Queen Elizabeth II has shared her life with a long lineage of Corgis. Here's a royal love story involving Her Majesty's closest canine subjects.

June 9, 2019

In a scene from the Netflix series The Crown, a youthful Queen Elizabeth II confides in Jackie Kennedy, as she strokes a litter of Corgis. The popular show has allowed the whole world to discover the Queen of the United Kingdom in an entirely new light and has also had a tremendous impact on the popularity of the Queen's favourite canine breed. According to the Kennel Club, the UK's largest organization dedicated to protecting and promoting the health and welfare of dogs, sales of Corgis have jumped by 22% since the second series of The Crown was aired.

It was King George VI and his wife who gave Elizabeth her first Corgi on her 18th birthday. “Susan” and the young Royal were soon inseparable.
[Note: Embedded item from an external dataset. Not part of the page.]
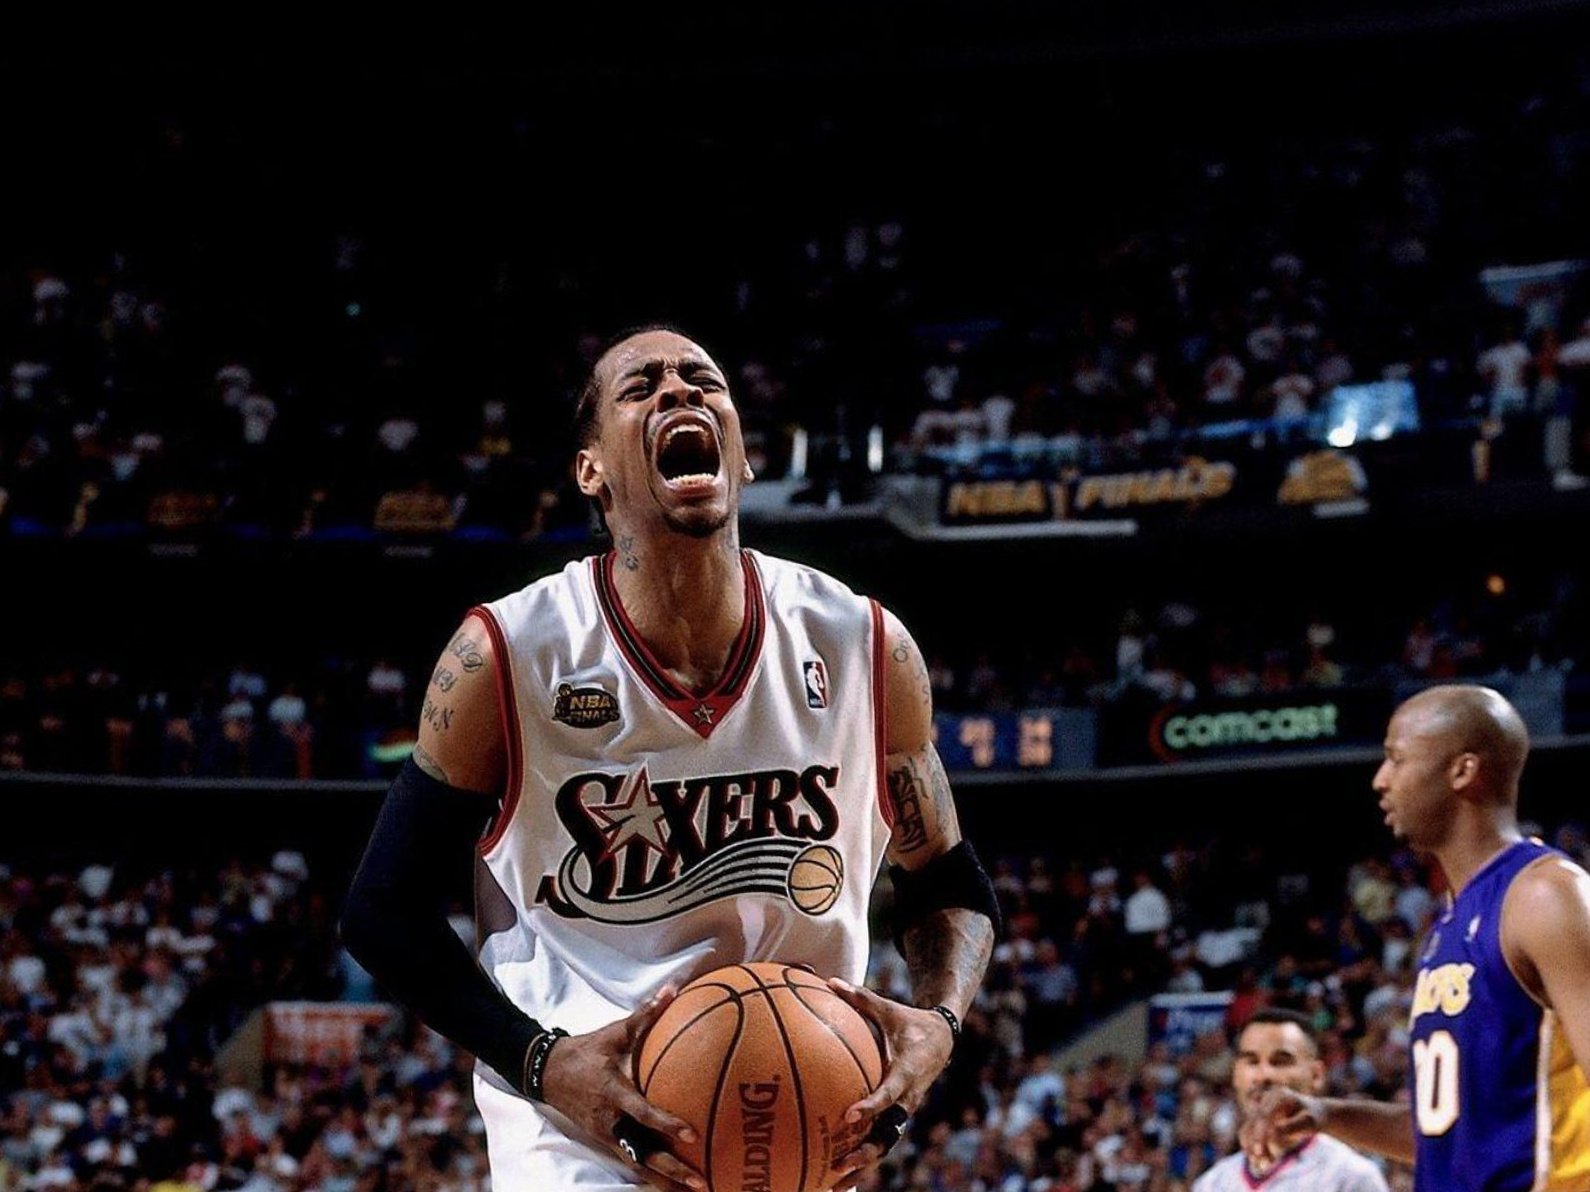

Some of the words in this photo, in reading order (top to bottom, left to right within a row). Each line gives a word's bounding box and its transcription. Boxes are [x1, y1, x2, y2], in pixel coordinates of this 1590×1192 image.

[948, 479, 1048, 515] NBA
[569, 695, 611, 710] NBA
[1164, 703, 1338, 748] comcast
In 1947, Susan even accompanied the Duke of Edinburgh and Princess Elizabeth on their honeymoon; as the newlyweds crossed London, waving to the crowds from their horse-drawn carriage, Susan was at their side, comfortably tucked away in a blanket.

During the 1950s, Queen Elizabeth's enthusiasm for breeding Corgis helped the breed become one of the most popular in Great Britain. At Windsor Castle, her dogs were the responsibility of Nancy Fenwick, the wife of the Queen's gamekeeper. Fenwick trained the dogs to climb up and down stairs so that they'd have no difficulty following their mistress onto airplanes during her numerous trips. The Corgis were fed stew made from hares hunted on the royal grounds and Nancy Fenwick was apparently the only royal staff member to enjoy 24-hour access to the Queen.

“The Corgis are part of my family,” Queen Elizabeth once confided. During her long life she has had more than 30 of them—all descended from Susan. In the spring of 2018, Willow, a member of the 14th and “final” generation died at the age of 15. He was buried alongside Susan (and all the other Corgis) at the dog cemetery that Queen Victoria built at Sandringham in Norfolk. Susan's tombstone reads: “The faithful companion of the Queen for more than 16 years.”